Para se ter uma ideia, segundo os oficiais do Estado-Maior soviéticos, em caso de uma grande guerra europeia em 1927, bastariam os exércitos da Polônia e da Romênia, com o apoio material da Grã-Bretanha e da França, para destruir por completo o Exército Vermelho.

Só havia uma saída para a situação: era preciso construir uma nova indústria militar do zero. No entanto, a tecnologia e o desenvolvimento no Ocidente já estavam muito à frente. Enquanto na Rússia os vermelhos e os brancos matavam uns aos outros, os europeus conceitualizavam a experiência da Primeira Guerra Mundial, que marcou o início de uma nova era em assuntos militares. E ninguém desejava compartilhar esse know-how com os bolcheviques.
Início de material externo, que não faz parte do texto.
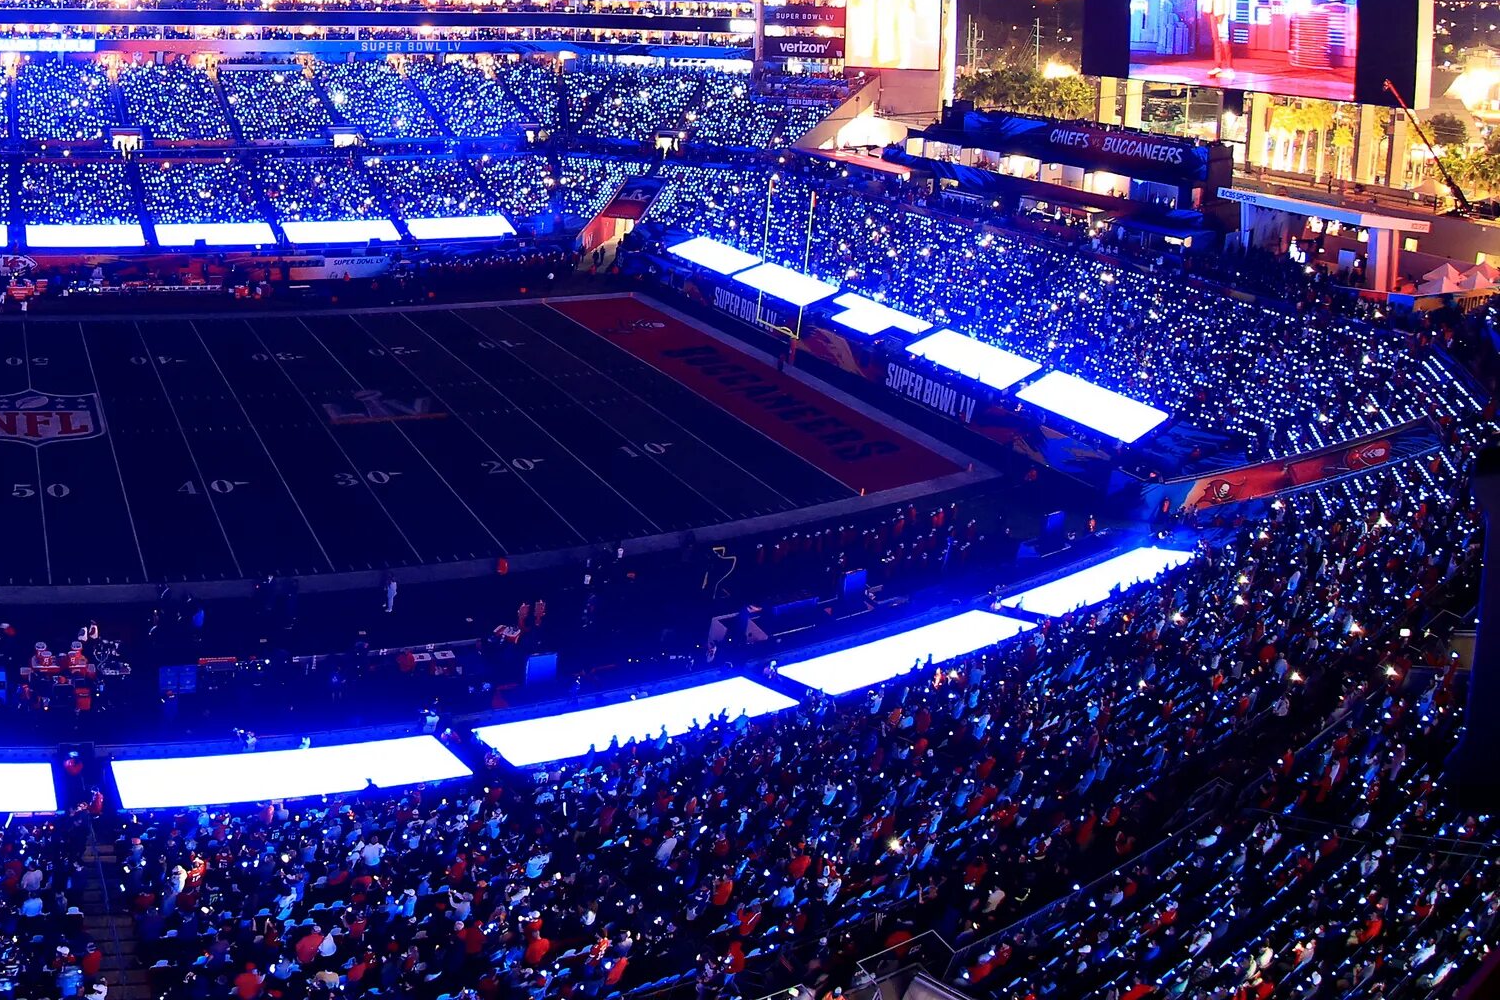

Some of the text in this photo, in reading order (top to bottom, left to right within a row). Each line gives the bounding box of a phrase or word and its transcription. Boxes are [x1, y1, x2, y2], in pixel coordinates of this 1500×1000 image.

[776, 12, 800, 20] SUPER
[361, 42, 461, 51] SUPER BOWL LV
[780, 41, 824, 53] verizon
[1050, 128, 1090, 148] CHIEFS
[1102, 136, 1183, 164] BUCCANEERS
[1225, 191, 1257, 203] CBS SPORTS
[713, 286, 740, 313] SUPER
[740, 296, 764, 325] BOWL
[885, 362, 922, 401] SUPER
[922, 377, 957, 417] BOWL
[662, 345, 900, 461] BUCCANEERS
[617, 442, 666, 458] 10
[480, 457, 535, 474] 20
[176, 479, 235, 494] 40
[332, 471, 391, 487] 30
[12, 483, 70, 497] 50
No final da década de 1920, a economia soviética já tinha se recuperado, e o governo conseguira angariar fundos para comprar grandes quantidades de equipamento militar no exterior. Quando, em 1929, a Europa e os Estados Unidos mergulharam nas profundezas da Grande Depressão, o ouro russo veio a calhar.


Arma diplomática

Nos primeiros anos de existência, a URSS não mantinha relações diplomáticas com muitos países do Ocidente e, por isso, teve que criar empresas privadas para iniciar as relações comerciais com o exterior. Na Inglaterra, por exemplo, a empresa Arkos operava desde 1920. Já nos EUA, as atividades comerciais em nome do governo soviético eram feitas pela empresa Amtorg.

Era pela Amtorg que passavam todas as questões relacionadas com a cooperação técnica entre a URSS e os EUA, desde a seleção de exemplares de tecnologia militar até a organização de viagens dos engenheiros soviéticos às fábricas norte-americanas. Mais do que tudo, era necessário adquirir dos americanos equipamento de aviação.
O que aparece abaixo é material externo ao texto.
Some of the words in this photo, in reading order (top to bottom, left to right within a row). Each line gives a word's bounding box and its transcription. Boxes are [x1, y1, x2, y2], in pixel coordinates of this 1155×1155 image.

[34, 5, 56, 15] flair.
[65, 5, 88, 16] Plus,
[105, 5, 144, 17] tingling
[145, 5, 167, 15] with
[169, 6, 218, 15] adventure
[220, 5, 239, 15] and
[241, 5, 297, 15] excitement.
Ainda em 1922, os projetistas soviéticos tiveram acesso a um motor da marca Liberty, a partir de um avião norte-americano que havia sido capturado como troféu de guerra. Ele se distinguia por sua confiabilidade e qualidade de construção, portanto, foi decidido que seria copiado e produzido em série nas fábricas de Moscou. No entanto, um único exemplar não era suficiente – sem falar dos quilos de documentação técnica, peças de reposição e outros atributos valiosos que faziam falta.

Propaganda da Amtorg em revista norte-americana

A tarefa para encontrar tudo isso foi confiada à Amtorg, que recebeu uma generosa quantia para realizar o trabalho: US$ 1,5 milhão. No entanto, os diplomatas soviéticos se depararam com problemas de outra natureza. Em primeiro lugar, a empresa com participação soviética era olhada com desconfiança e ninguém estava disposto a vendê-la prontamente grandes lotes de equipamento.


Truques do capitalismo

A Amtorg teve que aprender a lidar com a “arte capitalista” de criar empresas temporárias. O primeiro lote de motores Liberty e 350 conjuntos de ignição foram adquiridos por meio do negócio de fachada “Gabinete Zaustinski”. Mas em poucos anos foram fechados contatos diretos e esse tipo de artifício deixou de ser necessário.

Graças à Amtorg, toneladas de carga entraram na URSS. Para o seu transporte, o Comissariado do Povo para o comércio exterior teve até que organizar um serviço especial. Só em 1925 foram comprados dos EUA instrumentos de aeronáutica no valor de US$ 400.000. Livros, desenhos técnicos, álbuns e manuais de fábricas americanas eram enviados para a União Soviética em contêineres.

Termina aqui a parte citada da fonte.